Общим недостатком всех конкурирующих - внедоговорных - теорий является, по меткому выражению ученого, "не конструкция, а отказ от таковой" <31>. Железная дорога по-прежнему провозглашается носителем обязанности возить грузы и пассажиров, к тому же возникающей... исключительно из закона! "Но закон - только общая норма объективного правопорядка. Чтобы конструировать те правоотношения, которые имеют в нем свой источник, необходимо выяснить, какие факты эта норма или совокупность норм делает предпосылкой, т. е. основанием возникновения тех или иных юридических последствий, в частности возникновения обязательственных правоотношений. Это и даст нам конструкцию правоотношения, так как одно правоотношение отличается от другого только своим фактическим составом (фактическим составом, являющимся основанием его возникновения, или фактическим составом, который составляет содержание прав и обязанностей участников)" <32>. Ссылка типа "таков закон!" - это не решение юридической научной проблемы, но стремление избежать ее решения. -------------------------------- <31> Там же. С. 11. <32> Там же. С. 11. Эта обширная цитата приведена нами потому, что она - именно она - составляет основу всего современного учения о гражданском правоотношении.
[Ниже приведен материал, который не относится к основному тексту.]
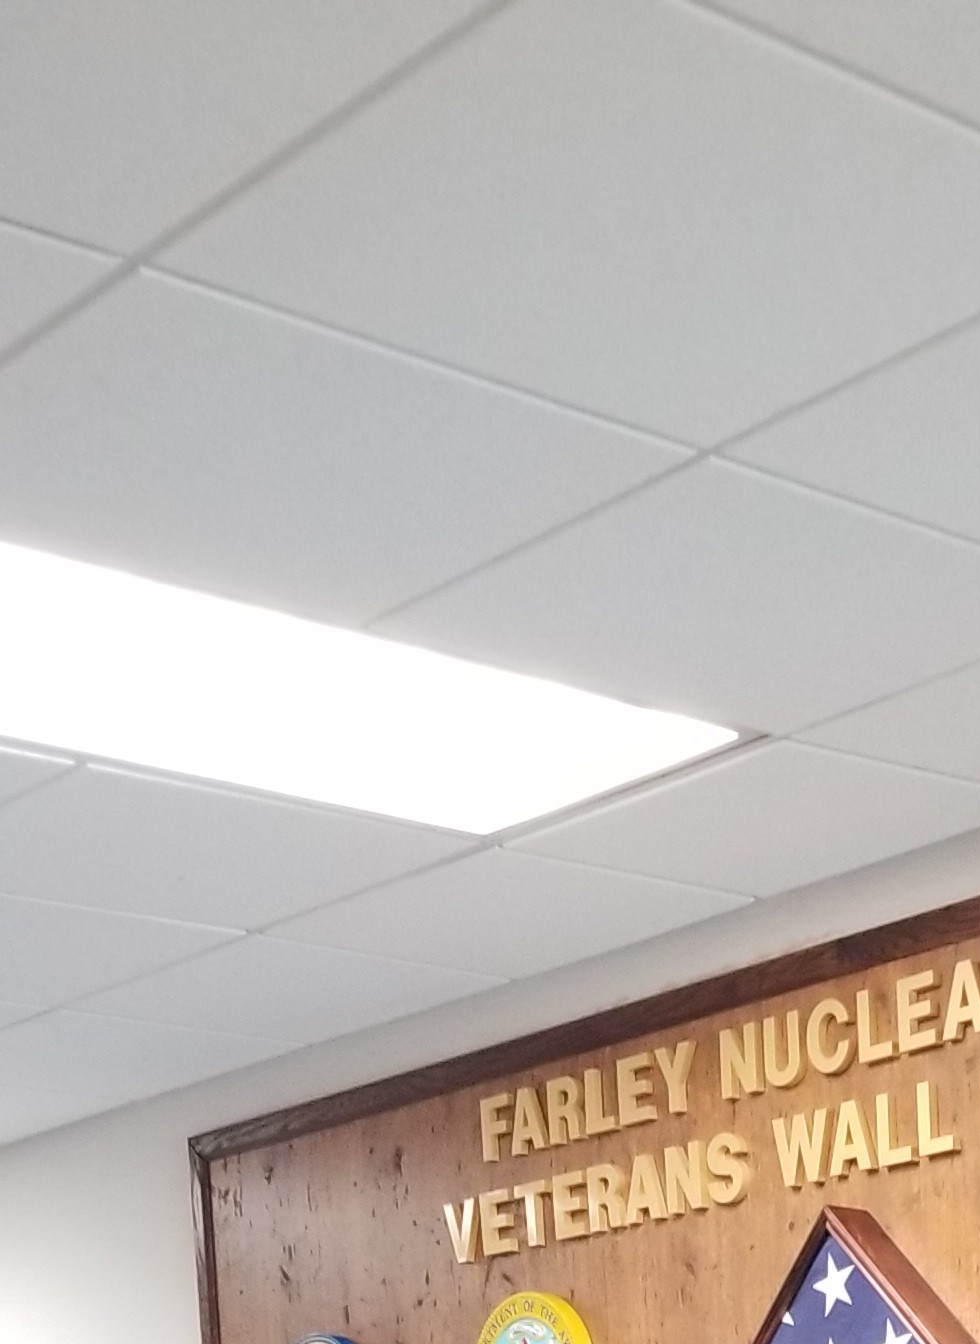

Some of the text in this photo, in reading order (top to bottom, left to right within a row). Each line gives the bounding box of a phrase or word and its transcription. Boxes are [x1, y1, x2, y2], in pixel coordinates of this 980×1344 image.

[479, 1039, 699, 1164] FARLEY
[443, 1131, 750, 1264] VETERANS
[771, 1081, 962, 1189] WALL
[540, 1304, 558, 1325] THE
Другим проявлением этого же стремления является "теория", согласно которой правоотношения общественного предприятия с клиентами основаны на актах одностороннего волеизъявления клиентов. "...Никому в голову не могло бы прийти отрицать наличность волеизъявления со стороны грузоотправителя, сдающего груз, или пассажира, берущего билет" <33>, - пишет М. М. Агарков. Констатация этого (очевидного) обстоятельства мало что дает - нужно объяснить, почему это одностороннее волеизъявление дает (если дает) такой потрясающий юридический эффект, как создание обязанности для другого лица - железной дороги (общественного предприятия). Привлекаемые для этой цели понятия договора присоединения (Р. Салейль) и публичной службы (Л. Дюги), как методически доказывает наш ученый <34>, ответа на этот вопрос не дают. -------------------------------- <33> Там же. С. 13. <34> См.: Там же. С. 11 - 12 (о договорах присоединения) и 12 - 14 (о публичной службе). Небезынтересно отметить, что термин "договор присоединения" (contrats d'adhesion) как М. М. Агарков, так и придумавший его ученый (Р. Салейль) считали не более чем условным обозначением сложного юридического состава. Никакого специального вида договора, отличаемого от иных "по способу его заключения", этим термином не обозначалось.
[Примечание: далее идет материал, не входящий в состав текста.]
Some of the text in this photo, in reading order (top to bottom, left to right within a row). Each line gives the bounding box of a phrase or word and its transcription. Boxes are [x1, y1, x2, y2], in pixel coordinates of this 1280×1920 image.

Итак, ни одна из разобранных теорий не обнаружила ни той степени истинности, ни той твердости научного фундамента, которые необходимы для того, чтобы к какой-либо из них присоединиться. Обнаруживается необходимость сконструировать собственную теорию. В каком направлении работать? Возможно ли в принципе создать жизнеспособную договорную теорию? Да, при условии, что: 1) будет обнаружен акт изъявления воли железной дороги на вступление в договор и 2) этот акт будет объяснен с точки зрения принципа свободы договора. Оставив в стороне первый вопрос как отчасти уже разобранный, ученый выясняет второй: нет, такого объяснения дать невозможно! "...Ограничения свободы договоров в отношении самого вступления в обязательственное правоотношение неизбежно бывают связаны с ограничениями в отношении выбора другой стороны и в отношении содержания договора... Неизбежность такого комбинирования понятна. Если сторона должна вступить в правоотношение, то ей не может быть предоставлена полная свобода в выборе контрагента и определении условий. Такая свобода парализовала бы действие обязательного вступления..." <35> Ничего подобного в случае с железнодорожной перевозкой не наблюдается: железная дорога не обязывается к заключению договора с определенным субъектом, тем паче - договора предопределенного законом содержания. Юридическая необходимость железной дороги принять и перевезти груз (пассажира) не есть, таким образом, проявление ограничения принципа свободы договора. Методом исключения оставляем один возможный вариант: единственно верной может быть только внедоговорная теория железнодорожной перевозки. -------------------------------- <35> Там же. С. 15.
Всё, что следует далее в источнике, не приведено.